### Records for the task
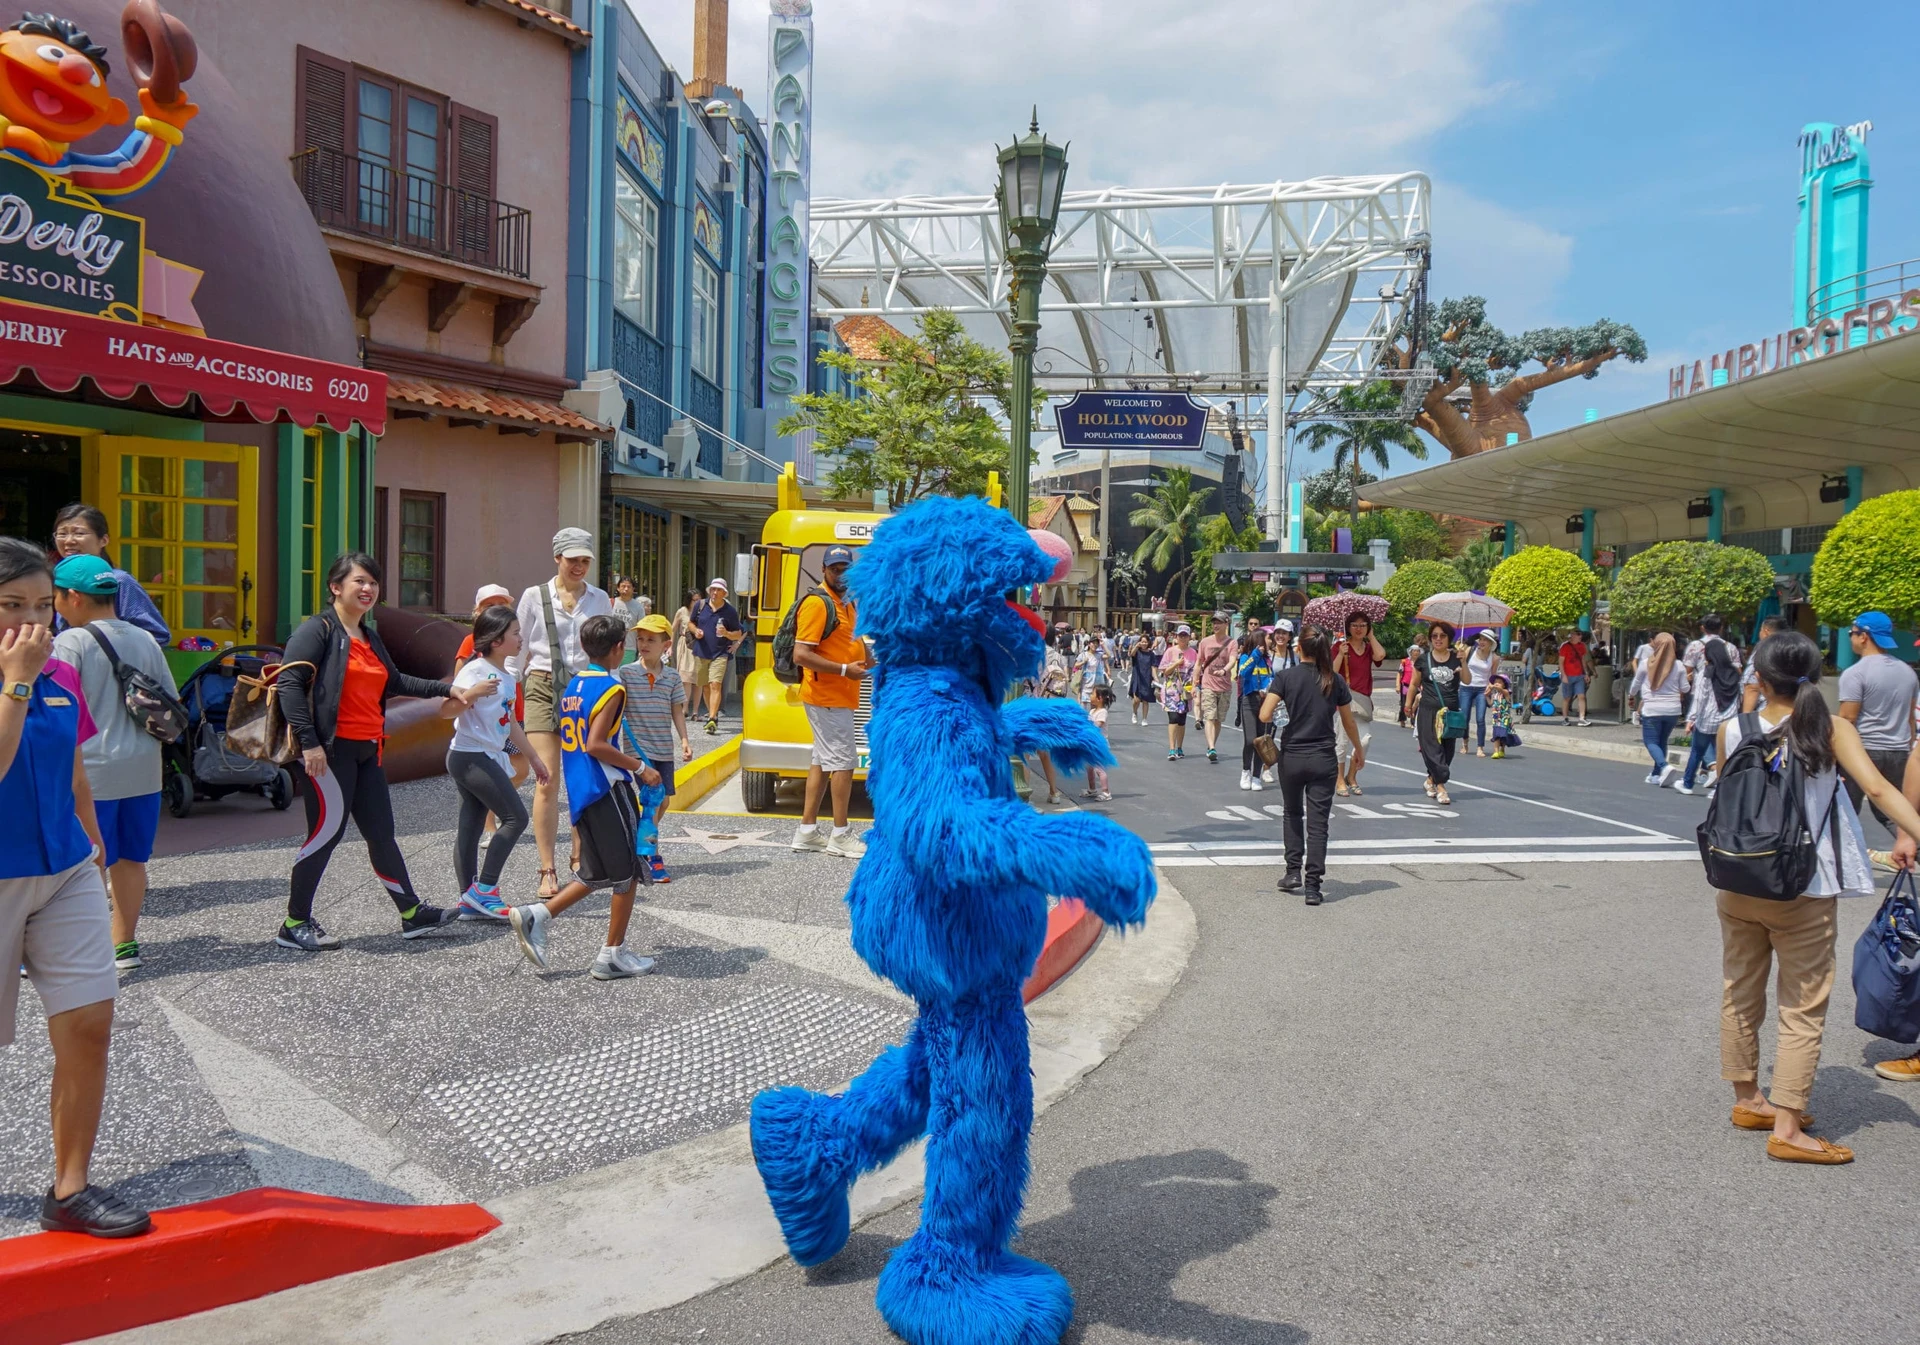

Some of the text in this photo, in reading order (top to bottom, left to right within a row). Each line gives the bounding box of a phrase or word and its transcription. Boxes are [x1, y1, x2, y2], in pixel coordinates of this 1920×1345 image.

[768, 28, 804, 393] PANTAGES
[0, 193, 124, 276] Derby
[108, 337, 369, 402] HATS AND ACCESSORIES 6920
[1078, 413, 1188, 427] HOLLYWOOD
[1104, 399, 1162, 408] WELCOME TO
[1084, 432, 1183, 440] POPULATION: GLAMOROUS
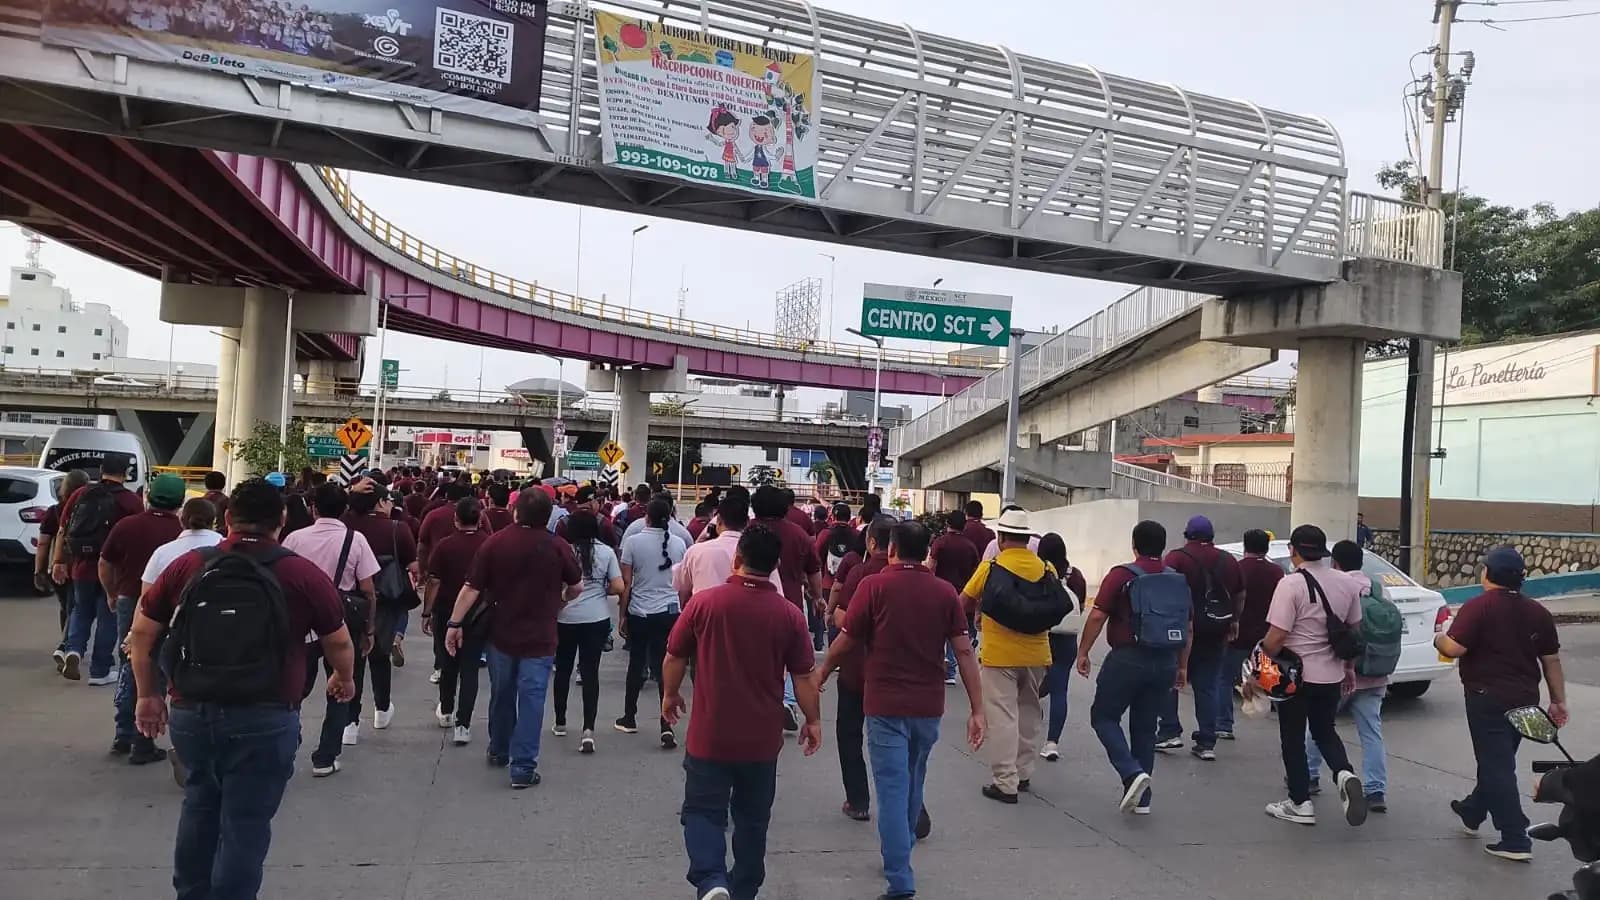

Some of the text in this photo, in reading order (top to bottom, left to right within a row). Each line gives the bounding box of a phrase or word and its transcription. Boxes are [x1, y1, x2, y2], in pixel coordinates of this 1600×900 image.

[519, 8, 535, 17] PM
[660, 23, 701, 42] AURORA
[703, 32, 742, 53] CORREA
[745, 42, 758, 57] DE
[761, 46, 797, 65] MENDEZ
[182, 50, 246, 69] DeBoleto
[652, 57, 724, 83] INSCRIPCIONES
[447, 80, 459, 88] TU
[657, 88, 711, 105] DESAYUNOS
[620, 149, 719, 180] 993-109-1078
[867, 306, 976, 336] CENTRO SCT
[1446, 361, 1547, 389] La Panettería
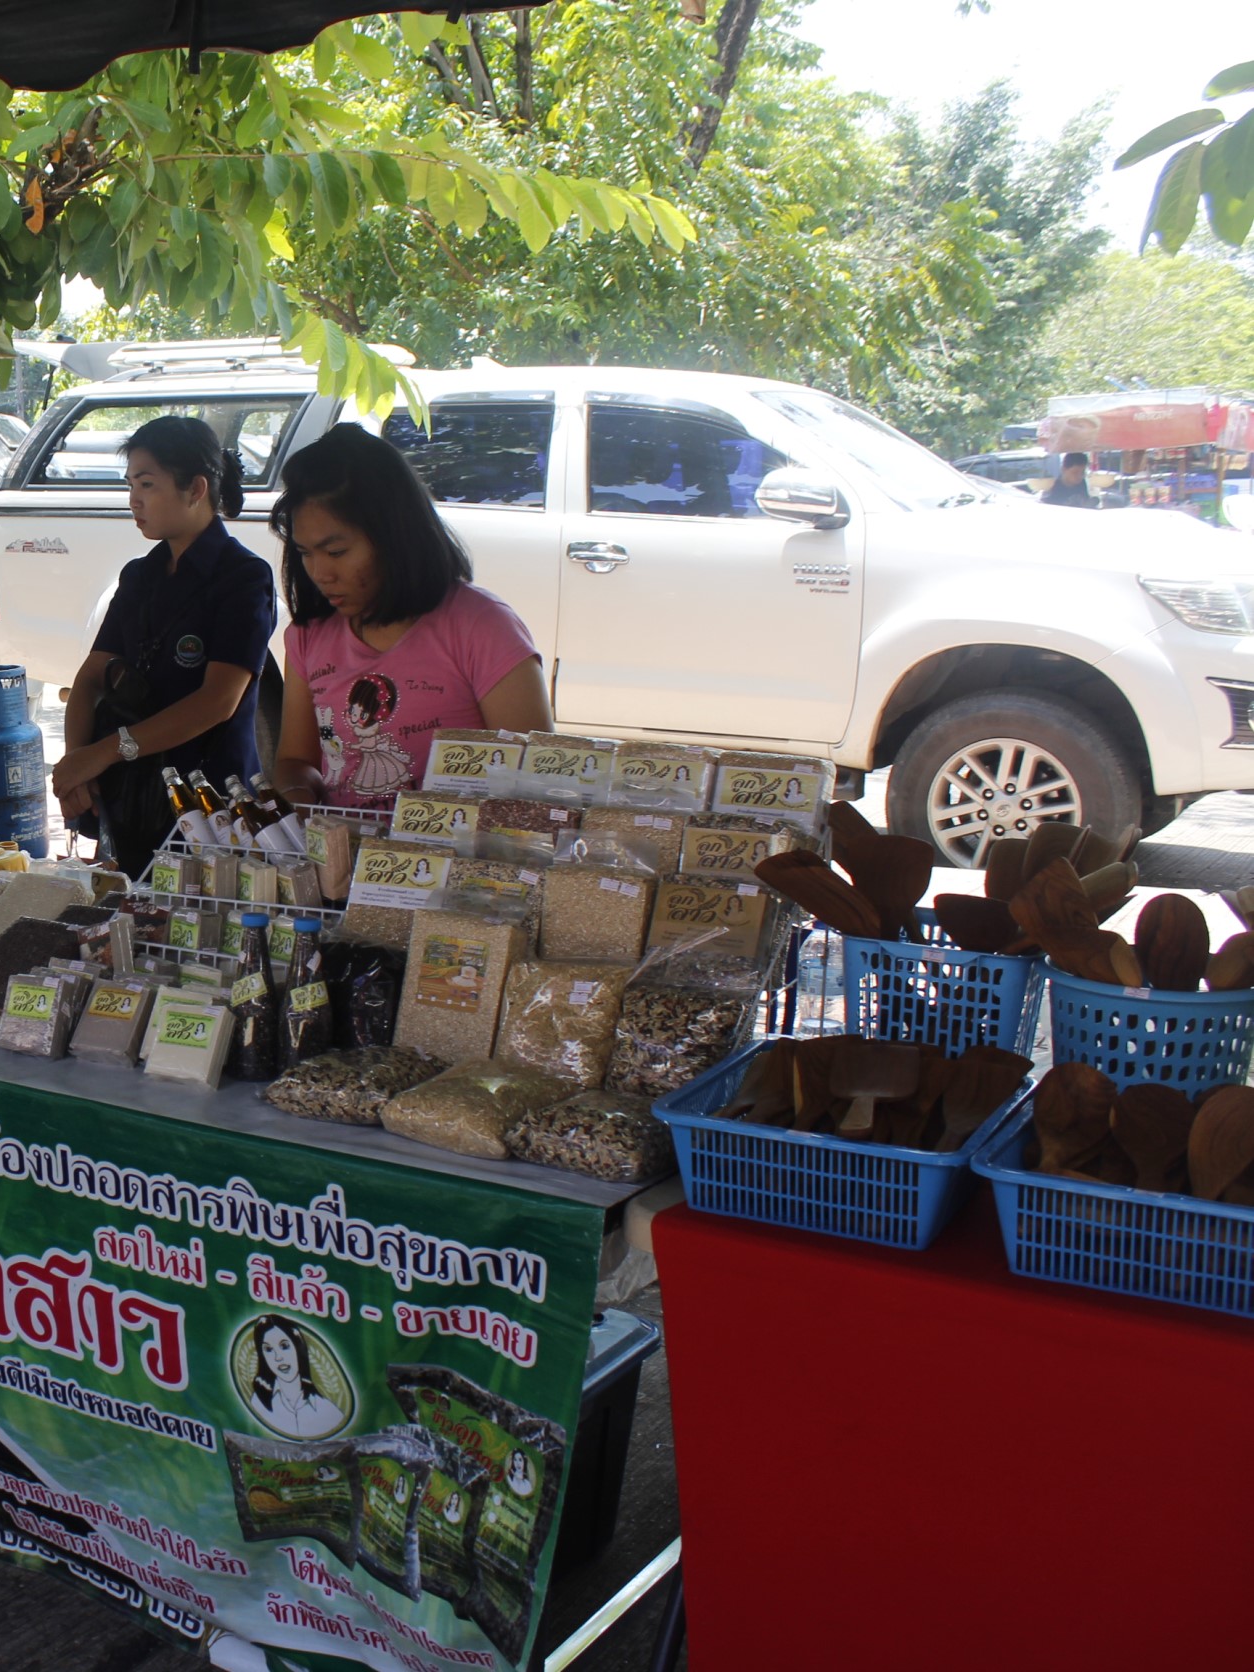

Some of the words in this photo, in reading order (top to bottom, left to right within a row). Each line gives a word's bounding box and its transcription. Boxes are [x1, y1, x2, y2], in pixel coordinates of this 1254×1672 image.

### Your goal
The pictures alone are to be left out when the data above is copied; all else must match exactly.

### Written answer
Some of the text in this photo, in reading order (top to bottom, left to right within a row). Each line gives the bounding box of a phrase or word and its transcription. Boxes are [x1, y1, x2, y2], in pixel coordinates of this 1920×1345 image.

[768, 28, 804, 393] PANTAGES
[0, 193, 124, 276] Derby
[108, 337, 369, 402] HATS AND ACCESSORIES 6920
[1078, 413, 1188, 427] HOLLYWOOD
[1104, 399, 1162, 408] WELCOME TO
[1084, 432, 1183, 440] POPULATION: GLAMOROUS

Some of the text in this photo, in reading order (top to bottom, left to right within a row). Each line gives the bounding box of a phrase or word and its transcription. Boxes are [x1, y1, x2, y2], in pixel coordinates of this 1600×900 image.

[519, 8, 535, 17] PM
[660, 23, 701, 42] AURORA
[703, 32, 742, 53] CORREA
[745, 42, 758, 57] DE
[761, 46, 797, 65] MENDEZ
[182, 50, 246, 69] DeBoleto
[652, 57, 724, 83] INSCRIPCIONES
[447, 80, 459, 88] TU
[657, 88, 711, 105] DESAYUNOS
[620, 149, 719, 180] 993-109-1078
[867, 306, 976, 336] CENTRO SCT
[1446, 361, 1547, 389] La Panettería

Some of the words in this photo, in reading order (top to bottom, left to right within a row). Each line gives a word's bounding box and its transcription. Boxes are [x1, y1, x2, y2], in pixel coordinates of this 1254×1672 image.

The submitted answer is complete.